Has its eye-popping spectacle moments.”

Reviewed by Dennis Schwartz

Brit filmmaker Matthew Vaughn (“Kick-Ass”/”Stardust”/”Layer Cake”), a new director for the X-Men franchise, slickly directs the superhero comic book summer blockbuster about mutants choosing sides during the Cuban Missile Crisis in 1962. The pic also tells of the origins of Magneto (Michael Fassbender) and how Professor X (James McAvoy) established in his Westchester County mansion a school for the gifted mutants and how the friendship from the 1960s dissolved between Magneto and Professor X (then known as Erik Lehnsherr and Charles Xavier), over what role the mutants should play in the world. It’s based on a story by Sheldon Turner and Bryan Singer and the Marvel Comics series by Stan Lee and Jack Kirby, and is written by a team of writers and the director. This prequel is the fifth film in the franchise, and the lively tale, with a lot of James Bond in it, has its eye-popping spectacle moments amid all its nonsense, perversities, plot holes, tacky special effects, shout outs for tolerance and bogus lessons in history (mutants saved the world from the evil intentions of the Kevin Bacon character to cause a nuclear conflict at the Bay of Pigs between superpowers USSR and USA and thereby to afterwards rule the world). It’s hoped by the studio that Kick-Ass director Vaughn will energize the dying franchise enough to give it a good box office in this more lighthearted production than the recent more serious X-Men fan-boy Singer ones.

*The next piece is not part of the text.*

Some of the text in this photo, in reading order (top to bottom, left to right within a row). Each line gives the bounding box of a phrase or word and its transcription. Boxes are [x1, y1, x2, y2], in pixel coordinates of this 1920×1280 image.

Holocaust survivor Erik Lehnsherr, soon to be known as Magneto, was a child when he watched his mother executed by the energy-sapping evil researcher mad scientist mutant Nazi Dr. Schmidt (Kevin Bacon) in a 1944 concentration camp (Auschwitz)in Poland. In 1962, the adult Erik, trained to use his telepathic powers by the smarmy doctor, vows revenge as he hunts down his globe-hopping nemesis now called Sebastian Shaw. The teeth-clenching Erik also vows to make humans pay for their mistreatment of freaks. Meanwhile the CIA recruits fledgling Oxford University genetics professor Charles Xavier, the future Professor X, to find Shaw by using his telepathic powers. Charles befriends Erik to help him in the mission.

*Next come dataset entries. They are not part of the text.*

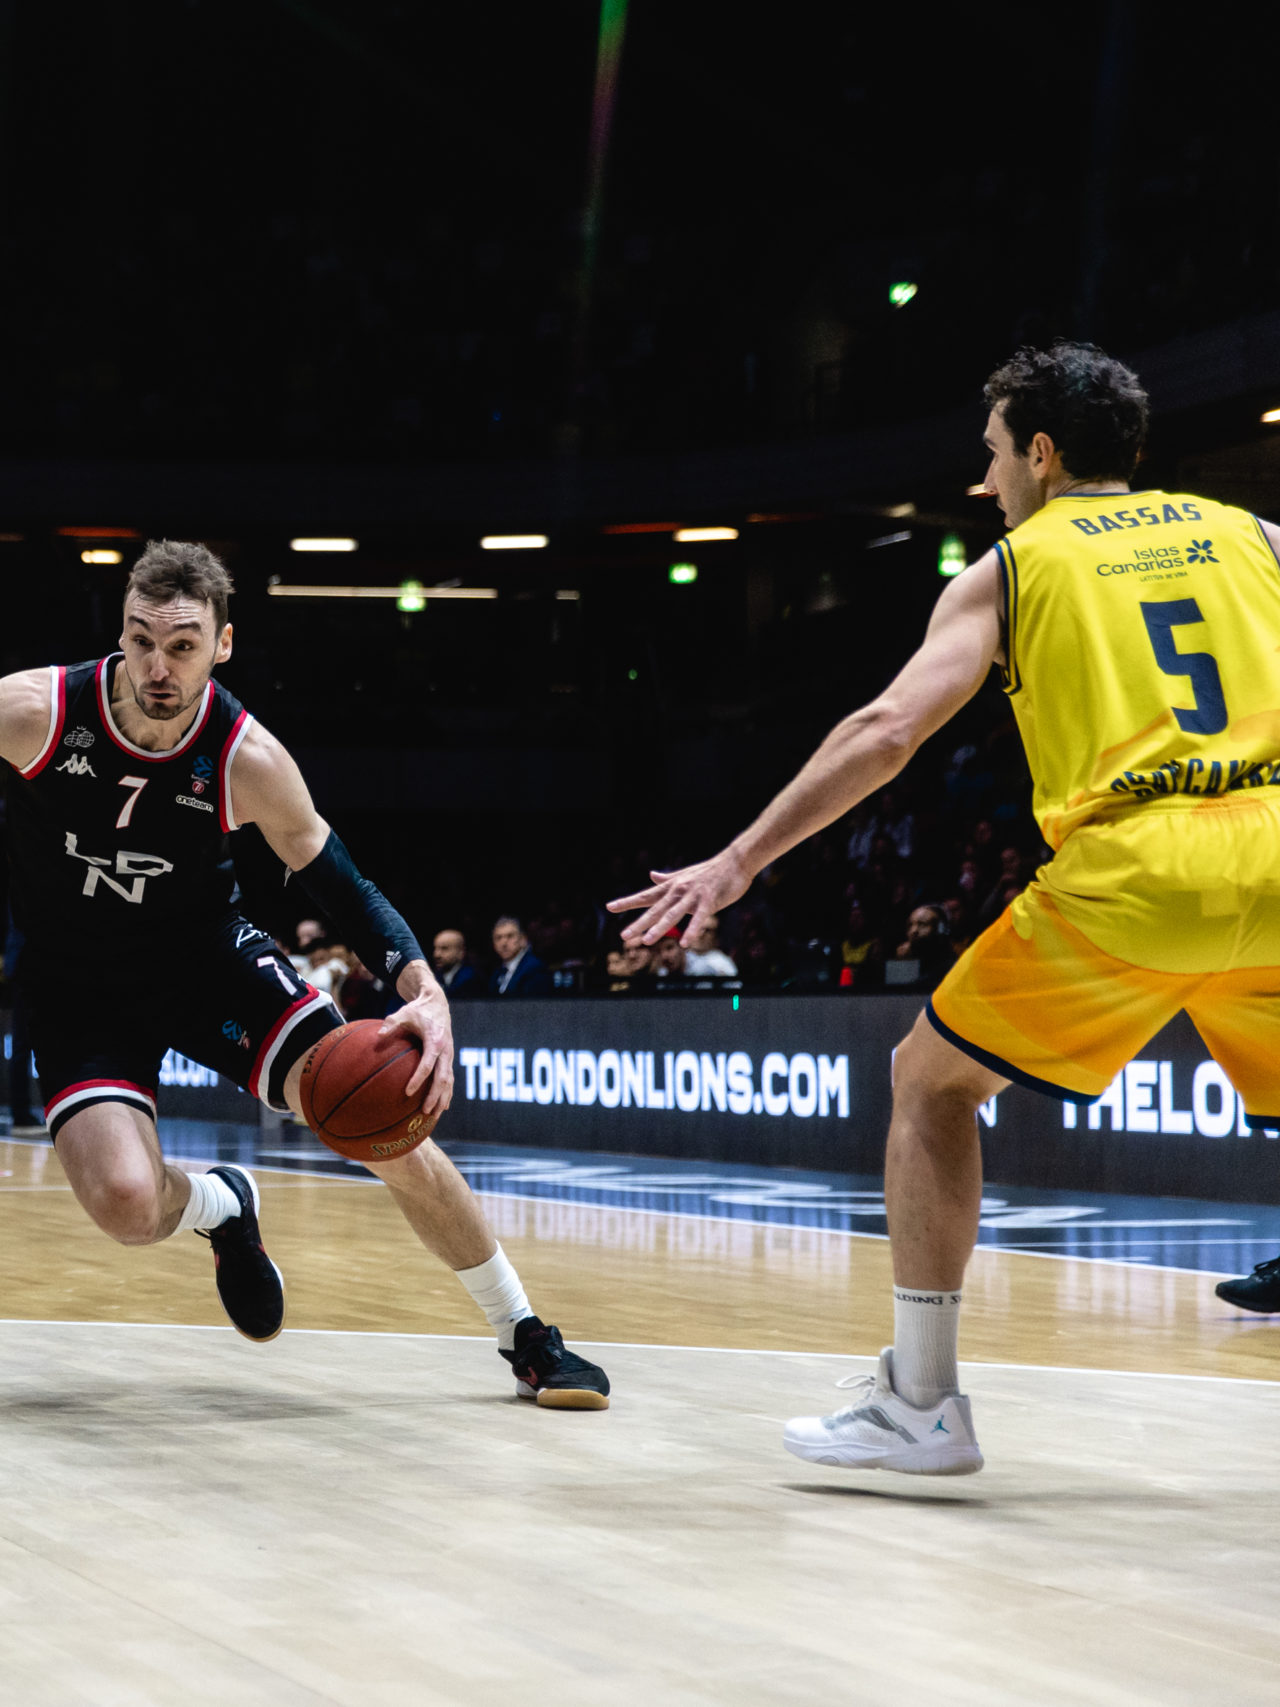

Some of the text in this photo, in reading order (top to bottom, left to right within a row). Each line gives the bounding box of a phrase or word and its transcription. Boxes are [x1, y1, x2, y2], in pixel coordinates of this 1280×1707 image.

[1070, 503, 1203, 536] BASSAS
[1096, 557, 1185, 577] Canarias
[1133, 546, 1180, 560] Islas
[1138, 597, 1229, 736] 5
[116, 775, 149, 829] 7
[176, 795, 213, 813] oneteam
[257, 956, 297, 996] 7
[460, 1048, 850, 1118] THELONDONLIONS.COM

The gist of the pic follows a group of young mutants recruited by Erik and Charles for the CIA, under the auspices of a friendly CIA supervisor of the MIB (Oliver Platt), to be fighters for America’s cause in the Cold War even though they are looked upon as freaks and not accepted into American society. This discrimination allows for the violated second-class mutants to glibly use many slogans from past and present civil-rights struggles (like shape-shifter Mystique (Jennifer Lawrence), Xavier’s adopted sister, shouting out the black power slogan ‘I’m a mutant and proud,’ the closet mutant brilliant scientist turned Beast (Nicholas Hoult) uttering ‘They didn’t ask and I didn’t tell’when asked why he disguised that he was mutant when working for the CIA and Erik, the mutant power above all else advocate, fiercely stating ‘Never Again’).

There are too many mutants to keep track of, so we only know them when they perform their unusual skill. Which leaves the pic looking cartoonish, as it’s filled with FX effects and crowd-pleasing battles between the superhero mutants and offers little that isn’t your typical mindless thriller blockbuster material. It’s as forgettable as the other episodes for all those not fans of the comic book and for those with only so much tolerance for such foolishness. But it’s nevertheless enjoyable hokum.

Rose Byrne is miscast as Xavier’s non-mutant CIA love interest Moira McTaggart (looks as if she’s in the wrong pic), while January Jones as the diamond-queen bosomy mutant assistant of Shaw, possessing immense telepathic ability with an optional asset of turning into an indestructible diamond veneer, gives a watchable performance. Hugh Jackman has a fuck you scene stealing cameo, which got the film’s biggest laugh with my audience.